[Referring expression grounding data]
========

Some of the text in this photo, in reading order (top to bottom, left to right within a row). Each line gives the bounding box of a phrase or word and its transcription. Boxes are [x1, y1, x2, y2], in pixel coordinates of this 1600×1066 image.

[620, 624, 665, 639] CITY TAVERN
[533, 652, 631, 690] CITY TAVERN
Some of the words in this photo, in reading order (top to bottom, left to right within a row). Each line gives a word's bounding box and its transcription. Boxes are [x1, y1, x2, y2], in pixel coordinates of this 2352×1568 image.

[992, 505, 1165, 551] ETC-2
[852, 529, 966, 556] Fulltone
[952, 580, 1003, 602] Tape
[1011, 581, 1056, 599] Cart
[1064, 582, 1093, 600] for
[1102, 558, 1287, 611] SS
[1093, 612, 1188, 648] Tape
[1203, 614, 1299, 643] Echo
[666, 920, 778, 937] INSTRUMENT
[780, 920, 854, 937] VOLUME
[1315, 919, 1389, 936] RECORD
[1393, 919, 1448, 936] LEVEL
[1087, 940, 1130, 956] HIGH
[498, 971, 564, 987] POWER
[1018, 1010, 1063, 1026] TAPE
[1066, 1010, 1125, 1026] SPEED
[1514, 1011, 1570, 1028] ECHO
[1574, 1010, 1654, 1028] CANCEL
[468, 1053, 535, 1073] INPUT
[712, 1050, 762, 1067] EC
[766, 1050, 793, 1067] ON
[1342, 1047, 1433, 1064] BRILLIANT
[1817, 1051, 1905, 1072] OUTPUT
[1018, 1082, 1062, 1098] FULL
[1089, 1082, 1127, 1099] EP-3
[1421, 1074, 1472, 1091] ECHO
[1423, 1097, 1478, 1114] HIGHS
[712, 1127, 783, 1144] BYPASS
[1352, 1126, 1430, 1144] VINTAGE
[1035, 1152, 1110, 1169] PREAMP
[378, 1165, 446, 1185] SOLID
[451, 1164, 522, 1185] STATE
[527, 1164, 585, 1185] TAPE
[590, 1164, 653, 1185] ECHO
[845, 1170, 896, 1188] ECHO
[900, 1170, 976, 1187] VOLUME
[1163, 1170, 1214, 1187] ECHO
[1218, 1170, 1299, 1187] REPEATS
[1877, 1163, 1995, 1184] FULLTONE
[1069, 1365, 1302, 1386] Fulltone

========

» **WORK TO COMPLETE**
Write each line above out exactly.

» **ANSWER TO THIS TASK**
Some of the text in this photo, in reading order (top to bottom, left to right within a row). Each line gives the bounding box of a phrase or word and its transcription. Boxes are [x1, y1, x2, y2], in pixel coordinates of this 1600×1066 image.

[620, 624, 665, 639] CITY TAVERN
[533, 652, 631, 690] CITY TAVERN
Some of the words in this photo, in reading order (top to bottom, left to right within a row). Each line gives a word's bounding box and its transcription. Boxes are [x1, y1, x2, y2], in pixel coordinates of this 2352×1568 image.

[992, 505, 1165, 551] ETC-2
[852, 529, 966, 556] Fulltone
[952, 580, 1003, 602] Tape
[1011, 581, 1056, 599] Cart
[1064, 582, 1093, 600] for
[1102, 558, 1287, 611] SS
[1093, 612, 1188, 648] Tape
[1203, 614, 1299, 643] Echo
[666, 920, 778, 937] INSTRUMENT
[780, 920, 854, 937] VOLUME
[1315, 919, 1389, 936] RECORD
[1393, 919, 1448, 936] LEVEL
[1087, 940, 1130, 956] HIGH
[498, 971, 564, 987] POWER
[1018, 1010, 1063, 1026] TAPE
[1066, 1010, 1125, 1026] SPEED
[1514, 1011, 1570, 1028] ECHO
[1574, 1010, 1654, 1028] CANCEL
[468, 1053, 535, 1073] INPUT
[712, 1050, 762, 1067] EC
[766, 1050, 793, 1067] ON
[1342, 1047, 1433, 1064] BRILLIANT
[1817, 1051, 1905, 1072] OUTPUT
[1018, 1082, 1062, 1098] FULL
[1089, 1082, 1127, 1099] EP-3
[1421, 1074, 1472, 1091] ECHO
[1423, 1097, 1478, 1114] HIGHS
[712, 1127, 783, 1144] BYPASS
[1352, 1126, 1430, 1144] VINTAGE
[1035, 1152, 1110, 1169] PREAMP
[378, 1165, 446, 1185] SOLID
[451, 1164, 522, 1185] STATE
[527, 1164, 585, 1185] TAPE
[590, 1164, 653, 1185] ECHO
[845, 1170, 896, 1188] ECHO
[900, 1170, 976, 1187] VOLUME
[1163, 1170, 1214, 1187] ECHO
[1218, 1170, 1299, 1187] REPEATS
[1877, 1163, 1995, 1184] FULLTONE
[1069, 1365, 1302, 1386] Fulltone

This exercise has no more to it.